(Source records)
——
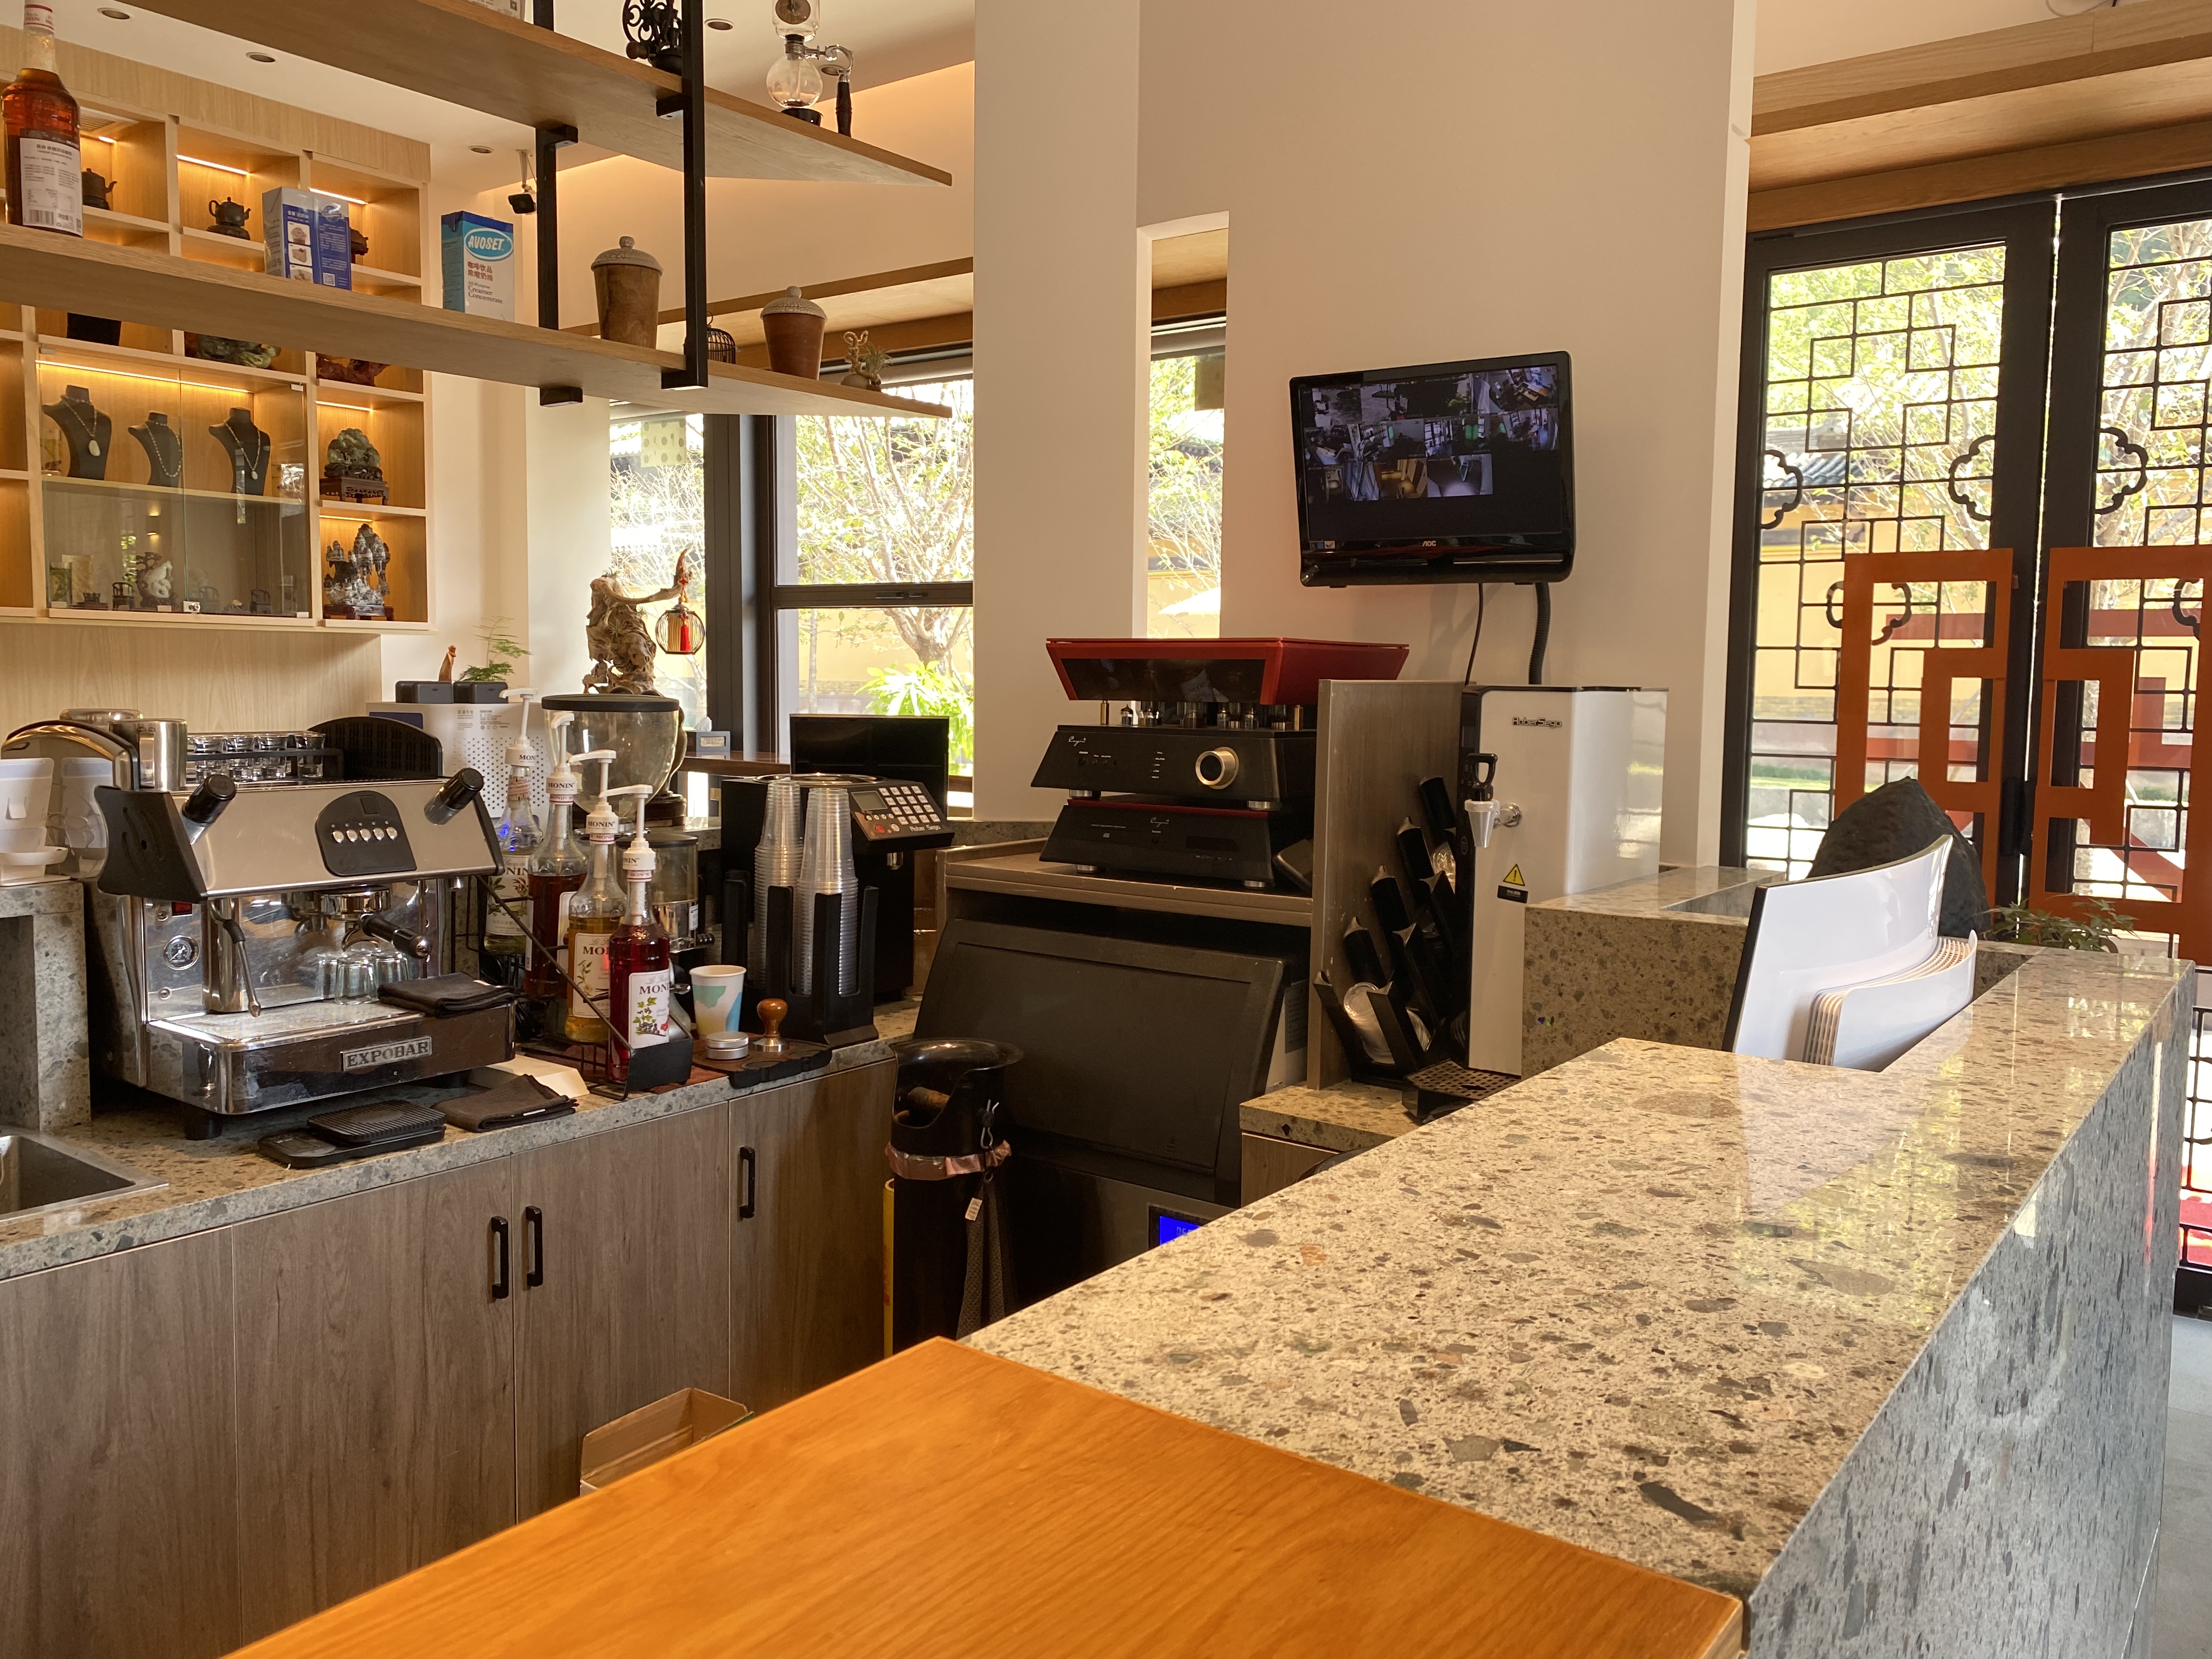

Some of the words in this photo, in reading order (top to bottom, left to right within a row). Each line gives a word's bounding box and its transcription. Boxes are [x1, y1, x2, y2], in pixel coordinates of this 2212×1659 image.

[467, 235, 505, 251] AVOSET
[468, 285, 493, 295] Creamer
[468, 292, 503, 304] Concentrate
[506, 867, 529, 876] NIN
[639, 983, 669, 995] MONI
[347, 1041, 428, 1067] EXPOBAR
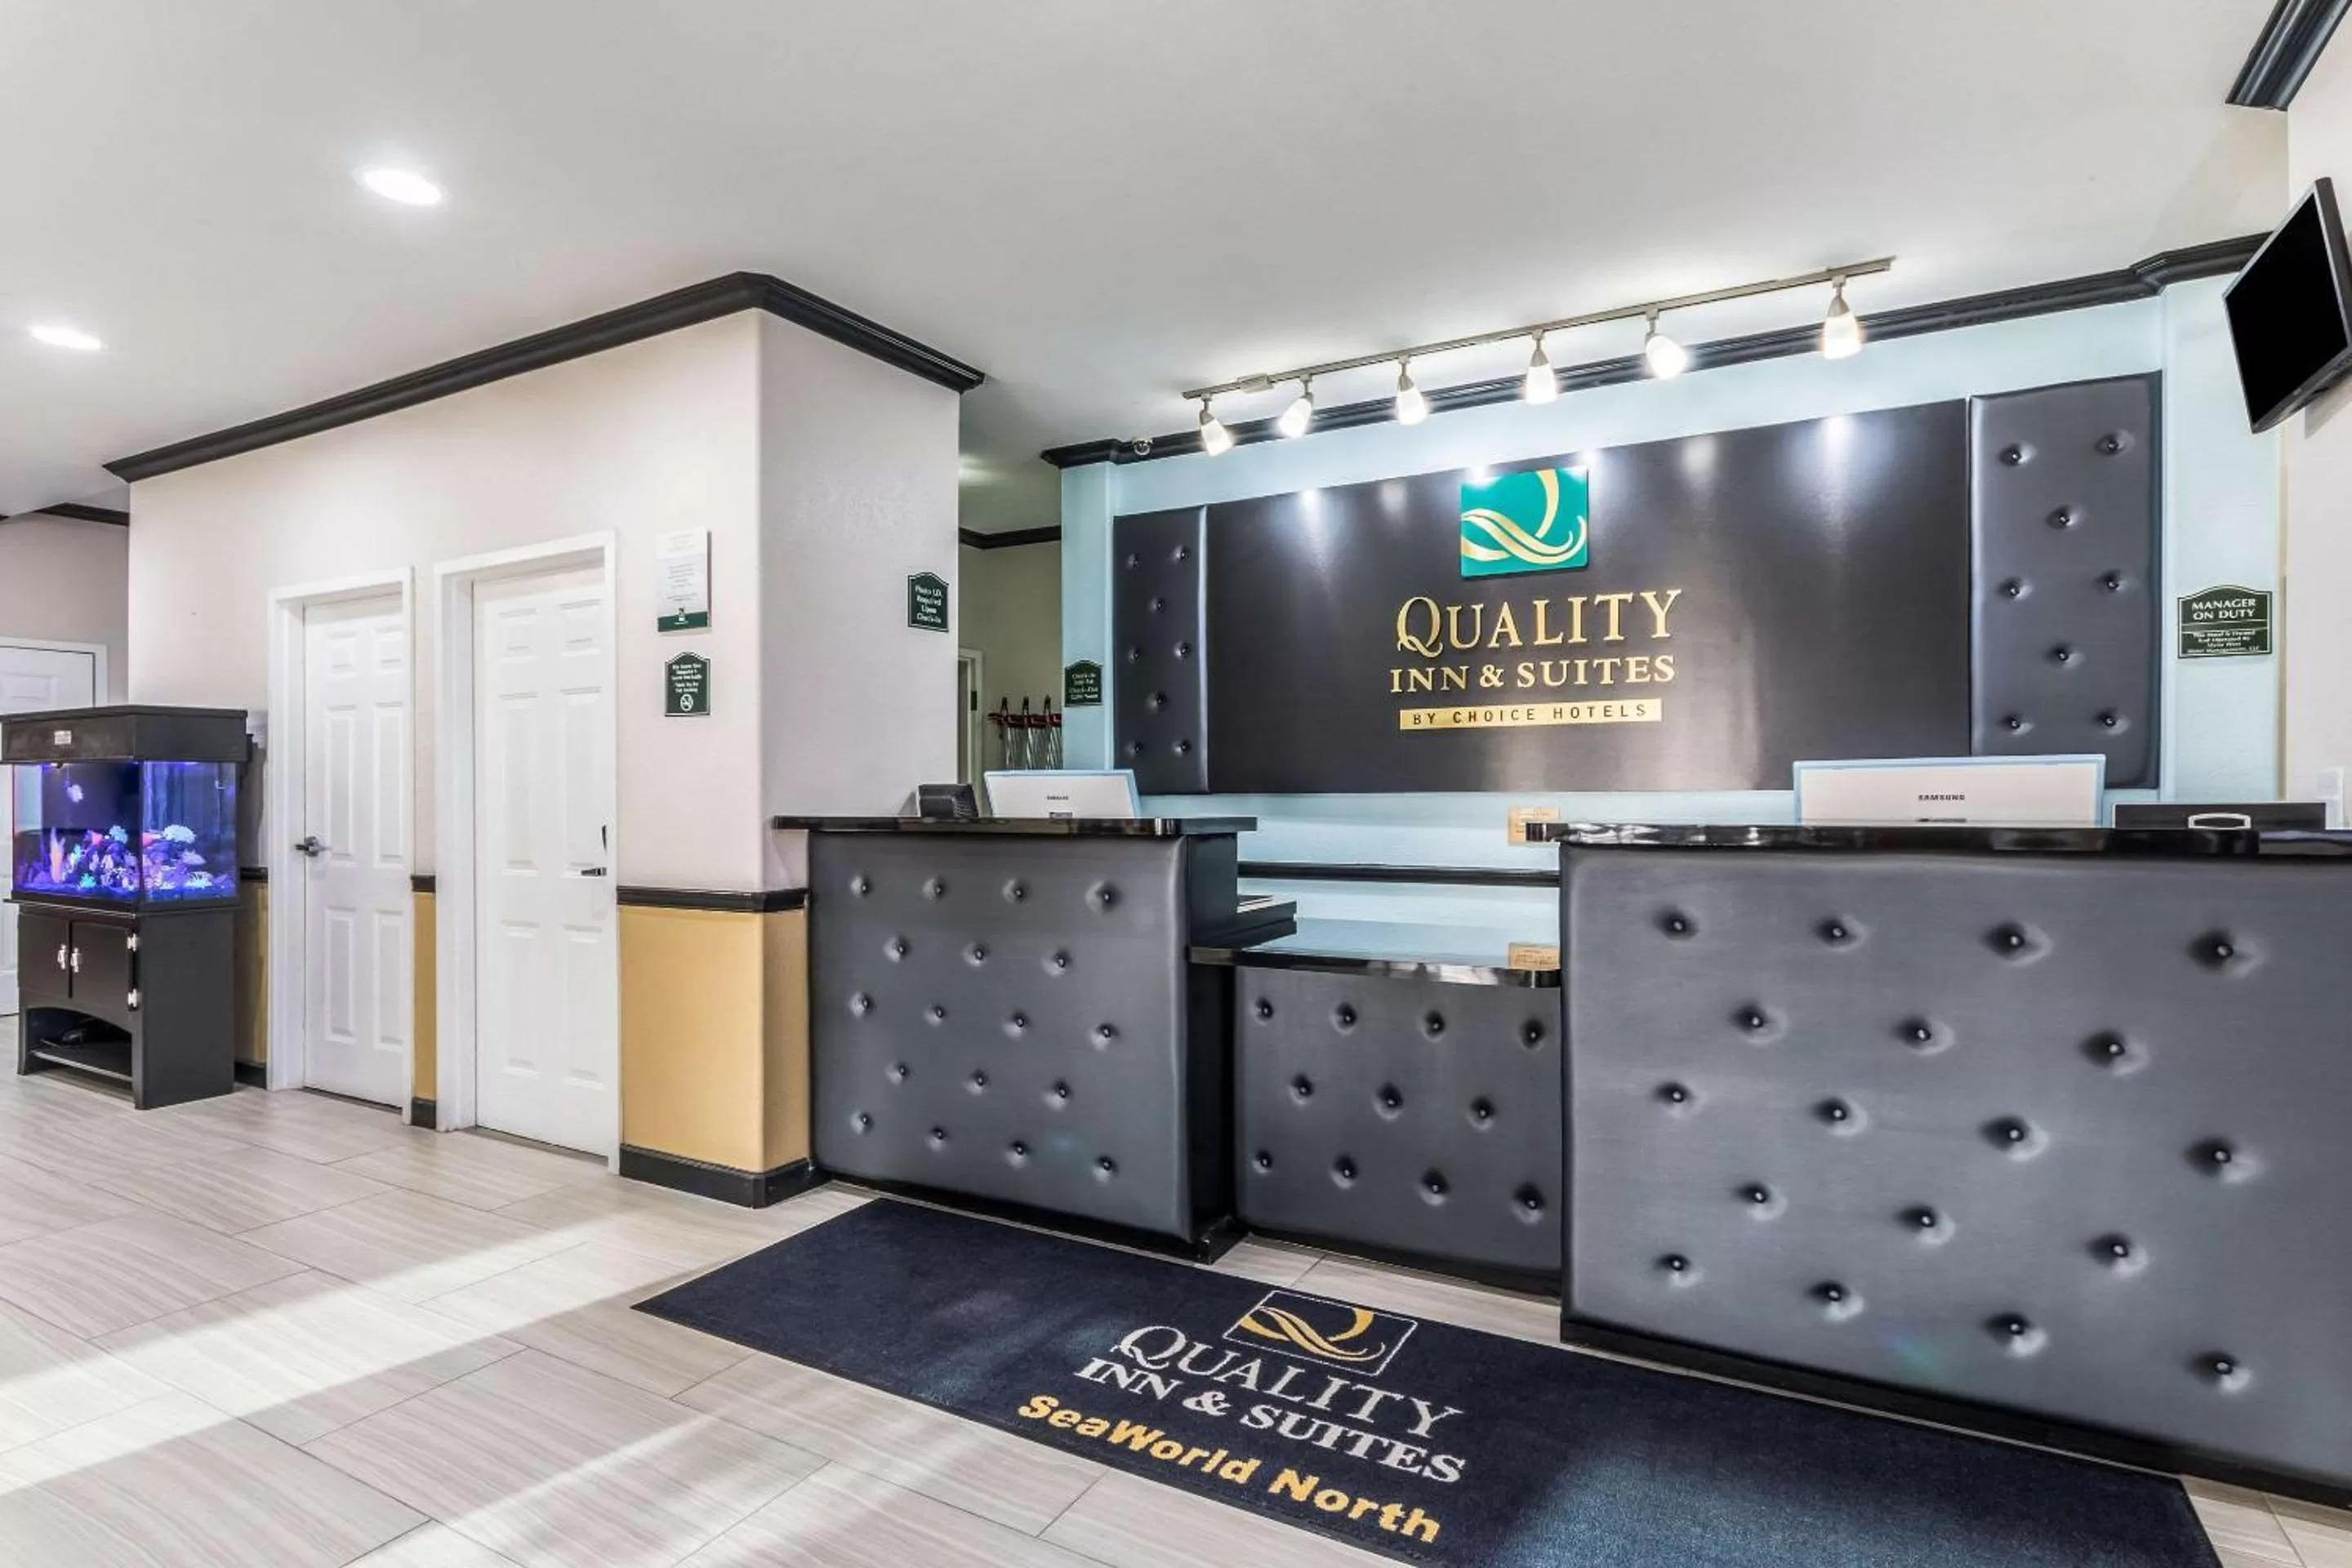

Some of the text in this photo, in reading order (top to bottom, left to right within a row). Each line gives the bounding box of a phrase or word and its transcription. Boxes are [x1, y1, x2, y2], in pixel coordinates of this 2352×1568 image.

[1396, 589, 1682, 658] QUALITY
[2192, 599, 2256, 610] MANAGER
[2193, 608, 2255, 621] ON DUTY
[1390, 654, 1675, 693] INN & SUITES
[1413, 705, 1647, 725] BY CHOICE HOTELS
[1111, 1325, 1464, 1438] QUALITY
[1074, 1357, 1467, 1483] INN & SUITES
[1018, 1393, 1442, 1544] SeaWorld North
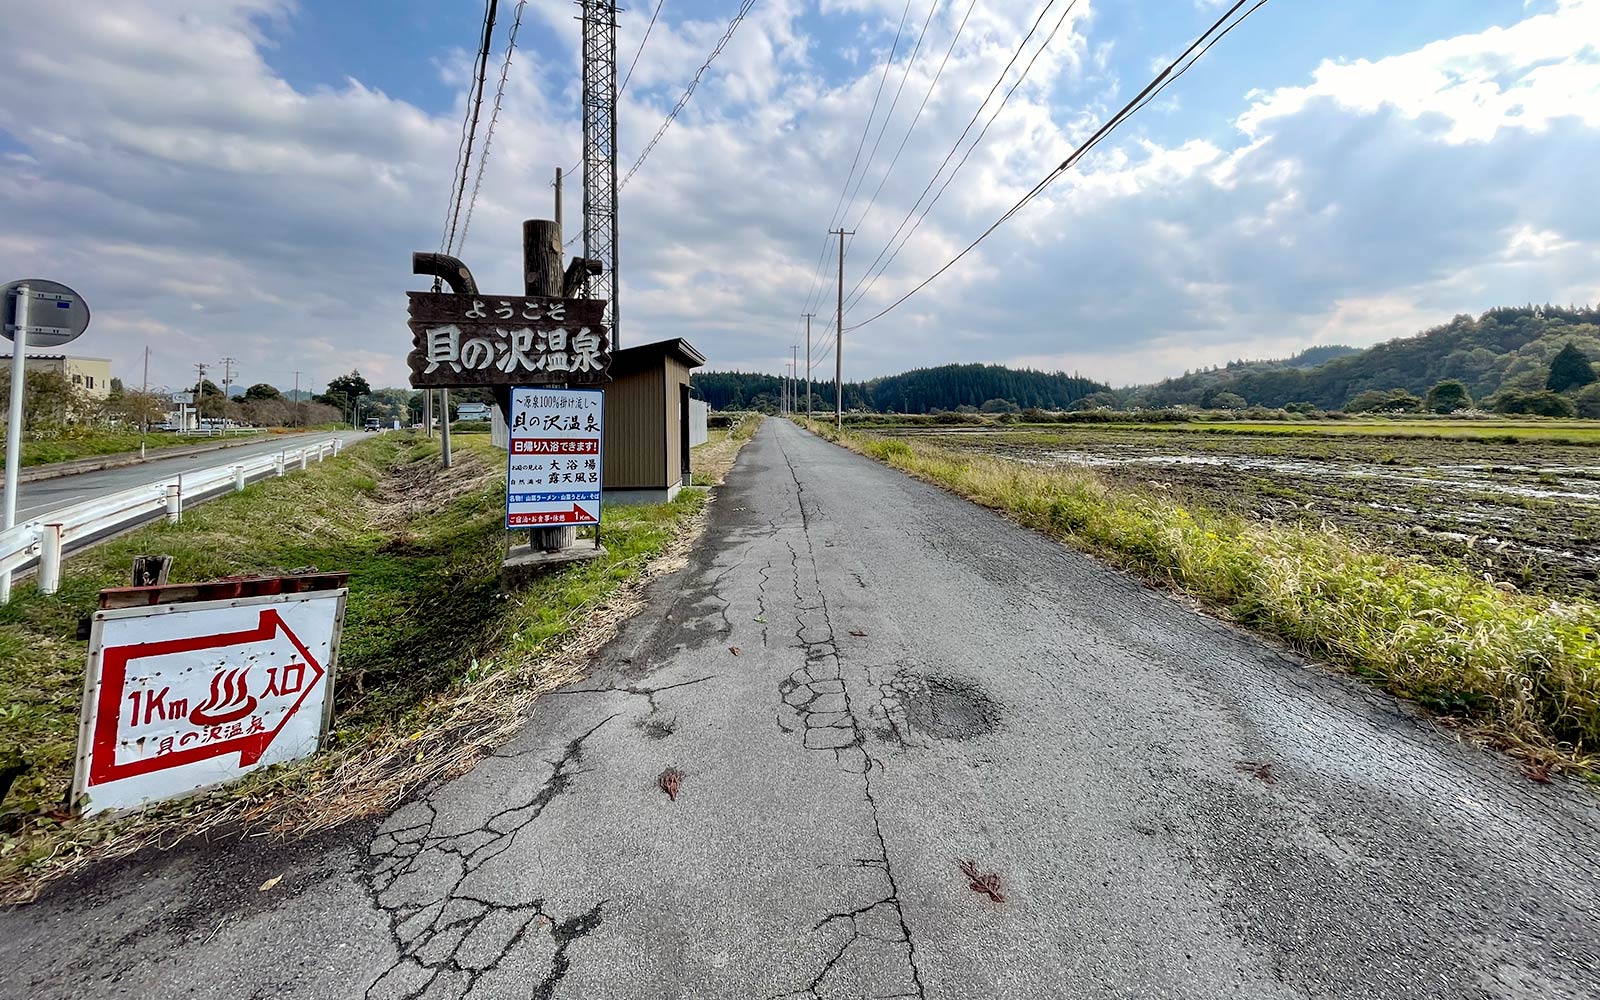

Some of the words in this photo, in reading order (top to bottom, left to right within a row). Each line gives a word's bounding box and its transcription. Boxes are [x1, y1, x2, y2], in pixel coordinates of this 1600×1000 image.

[465, 300, 567, 321] ようこそ
[424, 324, 604, 374] 貝の沢温泉
[513, 411, 600, 432] 貝の沢温泉
[548, 472, 598, 484] 露天風呂
[127, 686, 189, 727] 1Km
[260, 663, 306, 699] 入口
[157, 716, 266, 756] 貝の沢温泉
——
*TASK BRIEF*
With the line containing "this 1600×1000 image." as the first and the final line of the records as the last, copy that span exactly and nothing more.

*ANSWER TO THIS TASK*
Some of the words in this photo, in reading order (top to bottom, left to right within a row). Each line gives a word's bounding box and its transcription. Boxes are [x1, y1, x2, y2], in pixel coordinates of this 1600×1000 image.

[465, 300, 567, 321] ようこそ
[424, 324, 604, 374] 貝の沢温泉
[513, 411, 600, 432] 貝の沢温泉
[548, 472, 598, 484] 露天風呂
[127, 686, 189, 727] 1Km
[260, 663, 306, 699] 入口
[157, 716, 266, 756] 貝の沢温泉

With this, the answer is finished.